Compared to the legendary work of hockey’s great gasket-blowers—leather-lunged tyrants like Mike Keenan or John Tortorella, the “meltdown” of Mike Yeo on Wednesday was fairly tame, more like a gentle reproach of his struggling charges.
But it was wildly out of character for the normally stoic coach of the Wild to smash his stick and deliver a high-volume string of epithets before storming off the ice at mid-practice. The message of Yeo’s outburst was clear: Things have reached the breaking point in Minnesota. The Wild have won just two of their last 10 games, and while they’ve been competitive—four of the losses have come in OT—they’re quickly falling off the playoff pace in the West.
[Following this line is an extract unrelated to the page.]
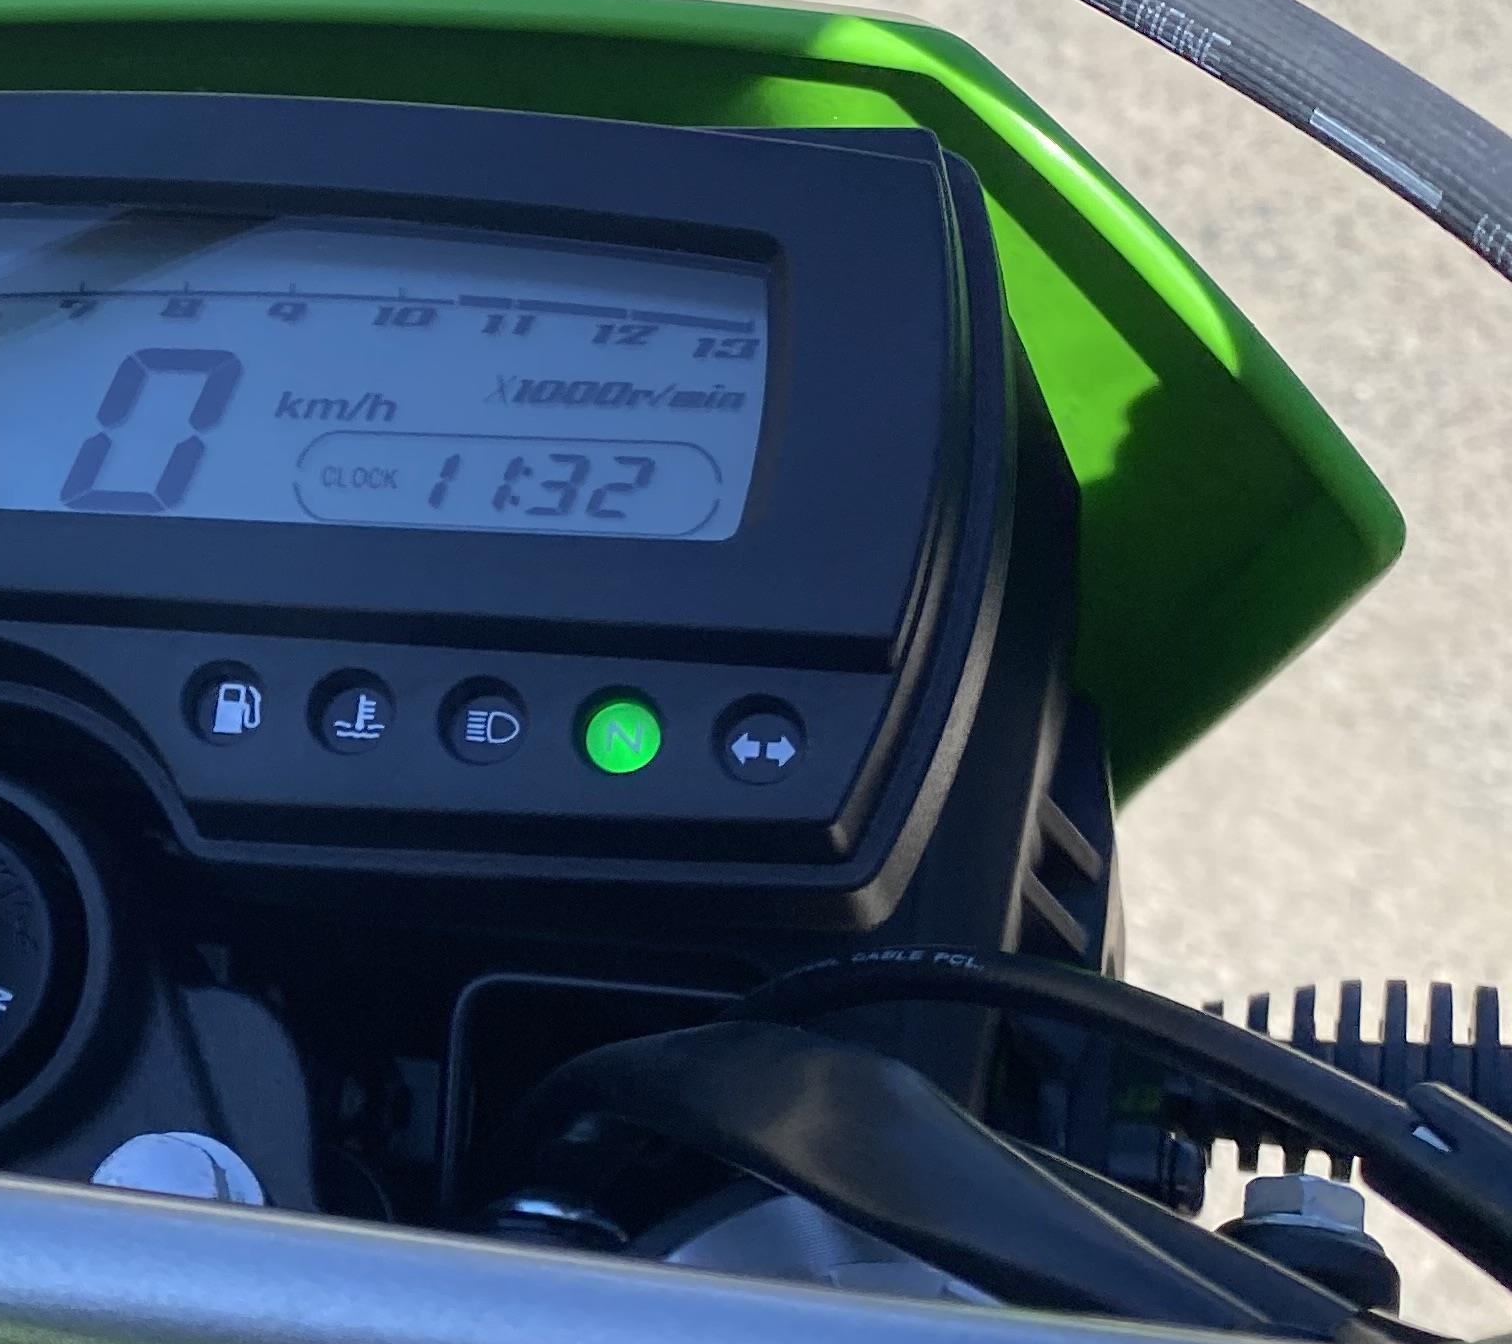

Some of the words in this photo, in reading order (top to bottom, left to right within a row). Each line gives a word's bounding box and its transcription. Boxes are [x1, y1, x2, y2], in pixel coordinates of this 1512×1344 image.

If they don’t correct course soon, Yeo could join recently fired coaches Randy Carlyle, Pete DeBoer and Paul MacLean in the unemployment line.
There’s plenty amiss in Minny. Zach Parise hasn’t been himself while dealing with his father’s failing health (former NHL winger J.P. Parise finally succumbed to cancer this morning). Free-agen signee Thomas Vanek has been a bad fit on offense. The power play ranks among the league’s worst. The goaltending, long a strength of the franchise, has been abysmal, leading to speculation that a trade is imminent.
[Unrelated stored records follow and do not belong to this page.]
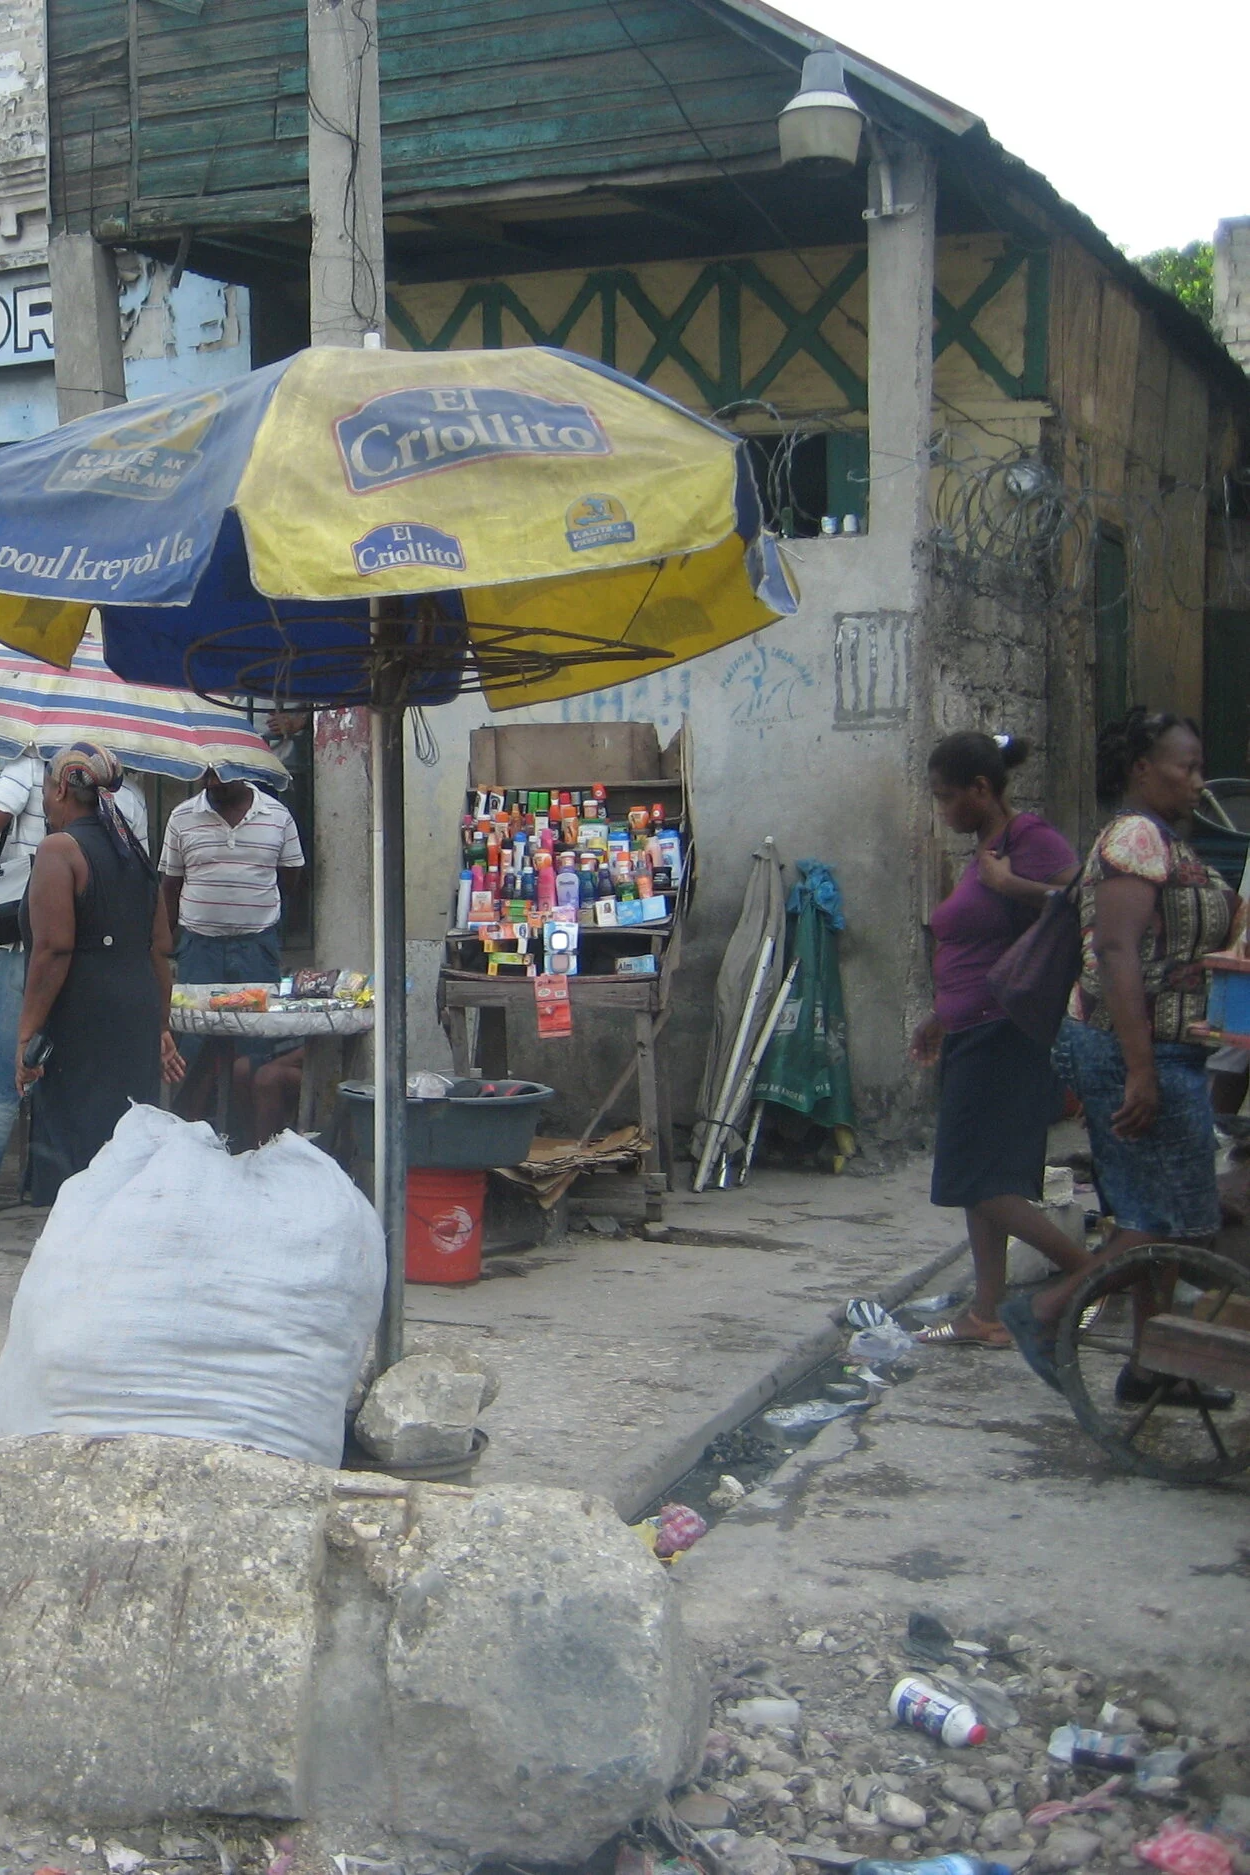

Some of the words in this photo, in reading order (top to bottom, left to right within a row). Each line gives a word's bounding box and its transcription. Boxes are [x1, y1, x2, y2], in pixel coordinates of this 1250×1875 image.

[428, 389, 480, 412] El
[350, 413, 596, 478] Criollito
[391, 526, 414, 541] El
[66, 536, 170, 591] kreyòl
[167, 530, 195, 566] la
[358, 542, 460, 570] Criollito
And then there’s the faltering play of Ryan Suter. The smooth defenseman is more than just a minutes-munching All-Star. He’s also the soul of the team. And when his game is off the rails, so is the Wild’s.
Normally one of the league’s most reliable blueliners, Suter is spending more time this season chasing the play than dictating it—as evidenced by his uncharacteristic –14 rating in his last 16 games. Whether his plus-minus rating is the result of overwork or of trying to fix the team’s problems by himself, he’s clearly not playing Suter hockey. That’s understandable as he has had to deal with death of his father, former Team USA Miracle On Ice defenseman Bob Suter, who passed away last September.
Some of those issues are beyond Yeo’s control. But he’s the one who has been sending Suter over the boards every other shift and rarely uses his third pair. He’s the one who continues to scramble his second and third lines. And he’s the one who called out goalie Darcy Kuemper after another soft goal led to an OT loss to the Sharks on Tuesday.
Clearly Yeo is feeling the pressure, and if the Wild didn’t understand that before, they sure do now.